I used to be very shy when I was younger

Being shy can really hold people back, in part because shy people tend to avoid speaking up and public settings and in part because they have such intense, ongoing anxiety. If that describes you, rest assured that you are not alone; four out of every ten people identify as shy. The good news is that shyness is curable. You can succeed with enough time, work, and a desire to transform. The majority of people can overcome their shyness on their own, but if it is severe, you might need assistance from a therapist or counselor. With the help of these 13 methods, you can begin to overcome your shyness and grow more confident. You don’t need to flaunt your shyness. Some people may never even have the chance to notice, while others who are close to you are already aware. It isn’t as obvious as you probably believe. If someone brings up your shyness, act casually. If it comes up in conversation, make jokes about it. Do not mistake uncomfortable blushing for shyness if you experience it occasionally. I’ve always been quick to blush. Let that stand alone. Don’t categorize yourself as anything, including shy. Allow yourself to be characterized by who you are, not by a single characteristic. We can be our own worst enemy at times. Don’t let your inner critic diminish you.

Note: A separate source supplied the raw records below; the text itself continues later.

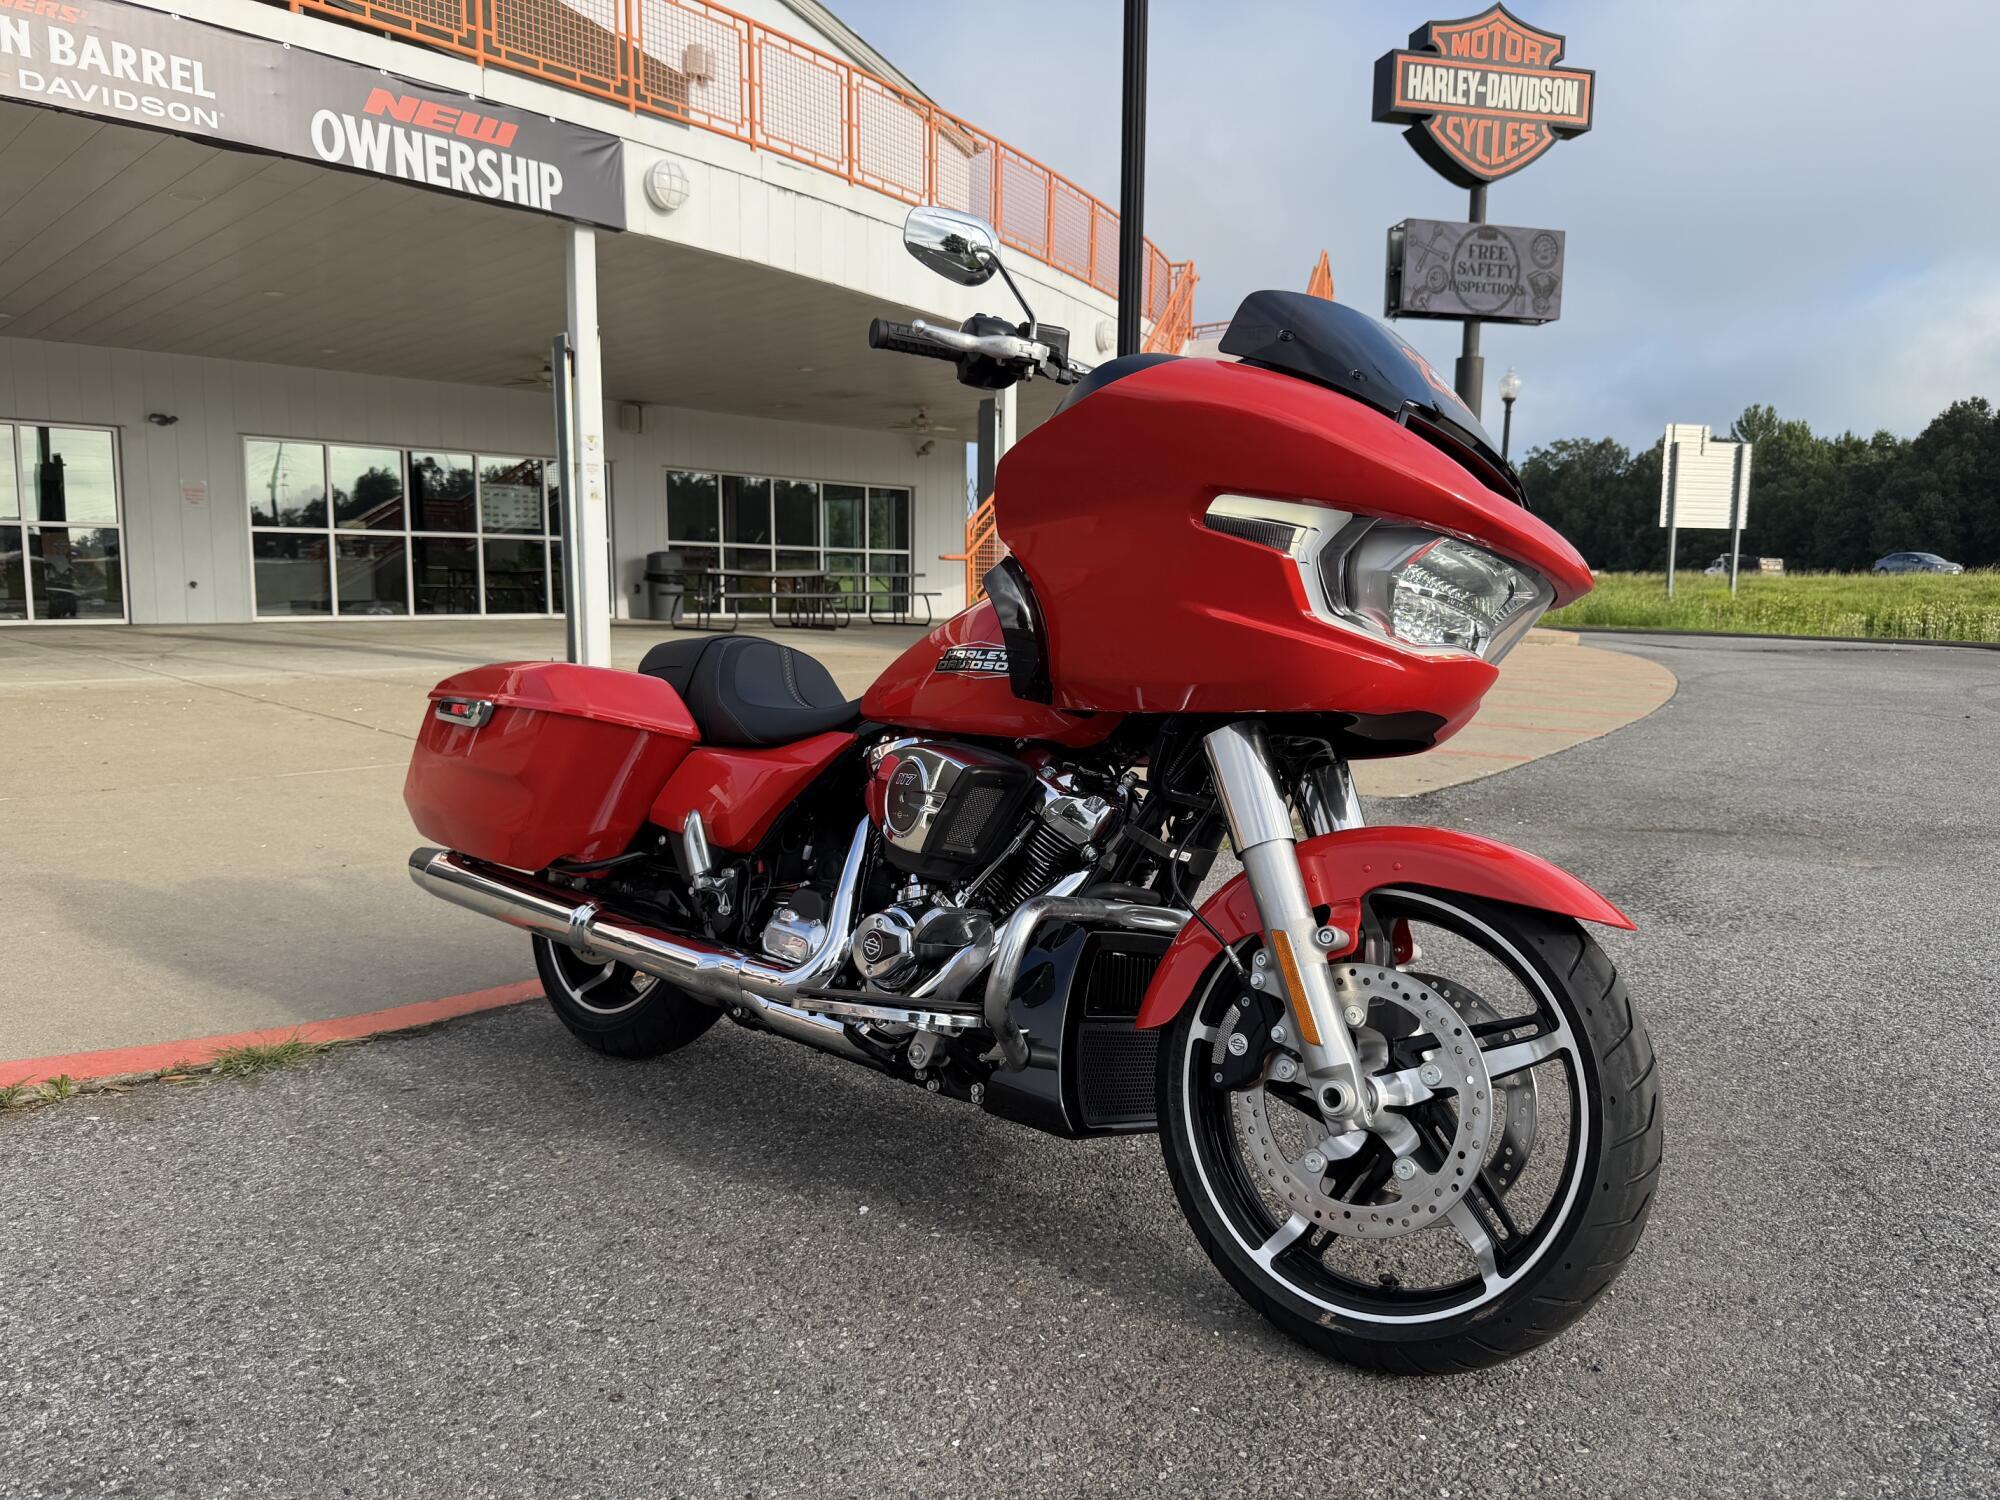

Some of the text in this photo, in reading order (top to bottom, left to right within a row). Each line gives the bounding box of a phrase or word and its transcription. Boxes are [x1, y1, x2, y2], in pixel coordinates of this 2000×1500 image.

[48, 25, 216, 100] BARREL
[1452, 21, 1542, 65] MOTOR
[18, 68, 219, 129] DAVIDSON
[1407, 64, 1578, 115] HARLEY-DAVIDSON
[363, 87, 519, 148] NEW
[310, 109, 563, 211] OWNERSHIP
[1446, 117, 1537, 165] CYCLES
[1457, 261, 1516, 279] SAFETY
[1469, 243, 1509, 261] FREE
[1448, 279, 1525, 297] INSPECTIONS
[938, 660, 1009, 671] DAVIDSO
[946, 650, 1008, 660] HARLEY

Analyze that voice’s influence instead so you can neutralize it. When you’re feeling insecure, write a list of all your strengths—ask a friend or family member for assistance if necessary—and read or recite it. Let it serve as a reminder of all you have to offer.
Selecting a friend or partner is already important, but shy people tend to have fewer but deeper friendships. Give your time to the warm, supportive, and receptive people in your life.